São Paulo é a cidade mais rica do Brasil. Ao mesmo tempo, apresenta vergonhosos indicadores de desigualdade: dos 96 distritos da cidade, 31 não mantêm sequer um leito hospitalar; 34, nenhum parque; e em 36 não há uma biblioteca pública sequer. A diferença entre os indicadores do melhor e do pior distrito chega, em inúmeros casos, a milhares de vezes. A mortalidade infantil é 14,85 vezes mais grave no Pari do que em Pinheiros. Um novo dado é bastante emblemático e assustador: o tempo médio de vida do morador de Cidade Tiradentes é de 53,85 anos; no Alto de Pinheiros, chega a 79,67.
Dados como esses ganharam notabilidade e espaço na mídia e nas discussões públicas graças a uma iniciativa da sociedade civil paulistana: o Mapa da Desigualdade de São Paulo, divulgado anualmente pela Rede Nossa São Paulo. Com a proposta de revelar a cidade por meio de suas diferenças regionais (alcançando a menor unidade administrativa possível), a ferramenta apresenta uma seleção de indicadores técnicos essenciais por distrito e aponta as diferenças entre os melhores e os piores – a essa diferença foi dado o nome de “desigualtômetro”, ou seja, quantas vezes o indicador da região com o pior indicador é pior em relação ao indicador da melhor região.

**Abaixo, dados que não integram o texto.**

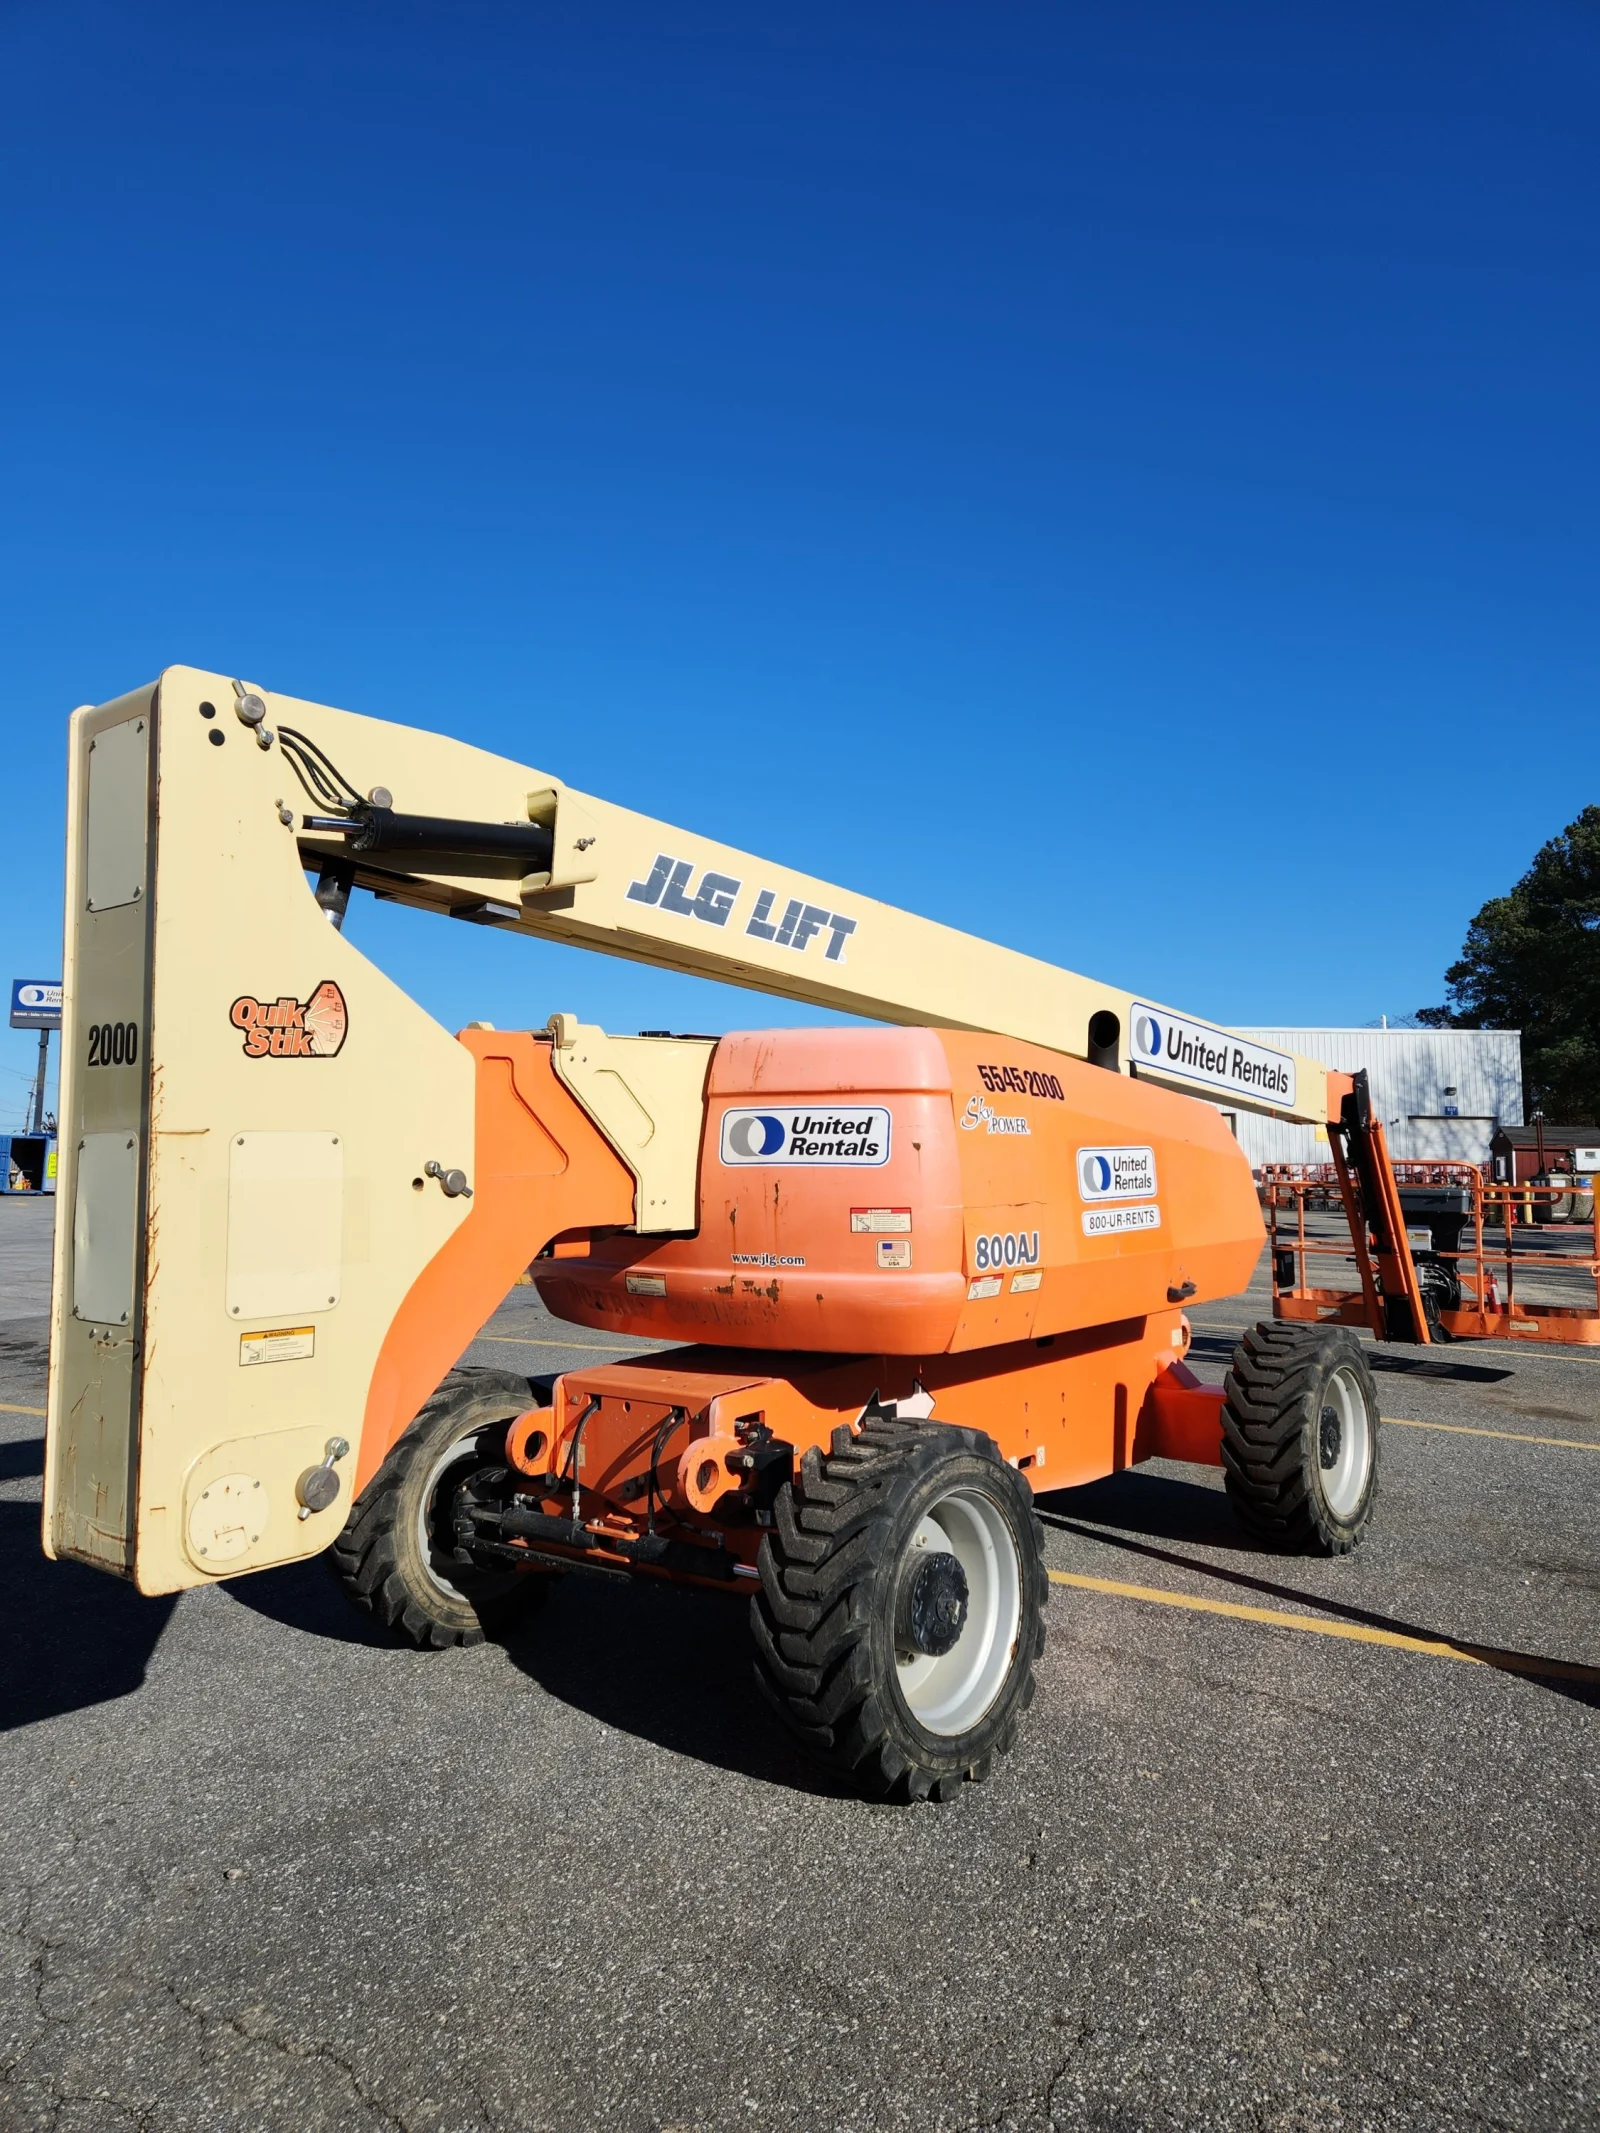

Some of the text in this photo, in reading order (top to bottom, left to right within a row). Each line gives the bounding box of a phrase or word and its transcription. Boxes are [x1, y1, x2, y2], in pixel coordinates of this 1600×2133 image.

A metodologia que dá base ao mapa prevê que, após os cálculos dos indicadores, é preciso avaliar se os fatores de desigualdade melhoraram ou pioraram. Em seguida, organiza-se uma lista dos indicadores avaliados com o desigualtômetro e destacam-se os que melhoraram (cor verde), os que pioraram (vermelho) e os que permanecem iguais (amarelo). Para a avaliação das regiões com os piores indicadores é necessário fazer um recorte daquelas que aparecem entre as trinta piores para todos os indicadores. Com isso, é possível montar um ranking dos piores distritos e mostrar quantas vezes cada um deles aparece nessa lista, explicitando ainda mais a desigualdade. Em São Paulo, por exemplo, o distrito do Brás ocupa a primeira posição, já que aparece 26 vezes entre os trinta piores distritos nos quarenta indicadores analisados.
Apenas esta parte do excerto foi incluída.